**Directions**
Give the listing below again exactly, but without any of its pictures.

**Extracted information**
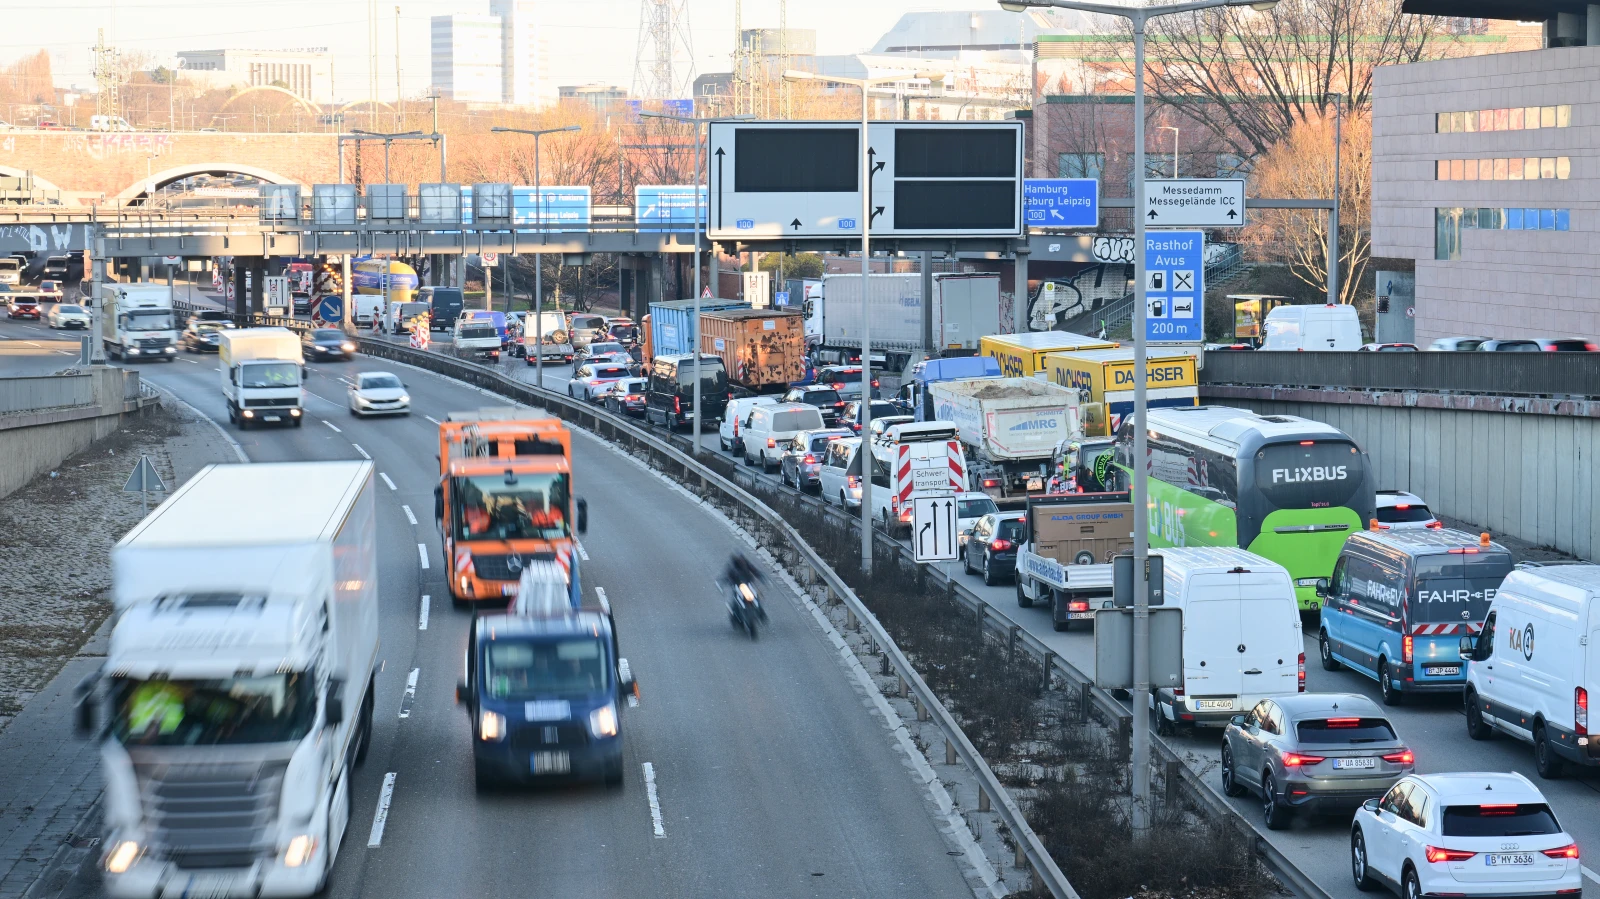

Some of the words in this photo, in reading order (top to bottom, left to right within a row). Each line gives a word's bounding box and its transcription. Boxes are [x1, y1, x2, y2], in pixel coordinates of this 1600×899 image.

[1024, 184, 1068, 195] Hamburg
[1163, 186, 1222, 194] Messedamm
[1058, 196, 1091, 208] Leipzig
[1149, 196, 1216, 208] Messegelände
[1220, 196, 1236, 205] ICC
[738, 220, 752, 228] 100
[840, 220, 852, 228] 100
[1146, 240, 1193, 250] Rasthof
[1155, 254, 1185, 266] Avus
[1152, 322, 1174, 334] 200
[1176, 325, 1188, 334] m
[1115, 366, 1184, 384] DAHSER
[1028, 418, 1057, 430] MRG
[916, 479, 948, 487] transport
[1514, 854, 1532, 864] 3636

**Exercise response**
Some of the words in this photo, in reading order (top to bottom, left to right within a row). Each line gives a word's bounding box and its transcription. Boxes are [x1, y1, x2, y2], in pixel coordinates of this 1600×899 image.

[1024, 184, 1068, 195] Hamburg
[1163, 186, 1222, 194] Messedamm
[1058, 196, 1091, 208] Leipzig
[1149, 196, 1216, 208] Messegelände
[1220, 196, 1236, 205] ICC
[738, 220, 752, 228] 100
[840, 220, 852, 228] 100
[1146, 240, 1193, 250] Rasthof
[1155, 254, 1185, 266] Avus
[1152, 322, 1174, 334] 200
[1176, 325, 1188, 334] m
[1115, 366, 1184, 384] DAHSER
[1028, 418, 1057, 430] MRG
[916, 479, 948, 487] transport
[1514, 854, 1532, 864] 3636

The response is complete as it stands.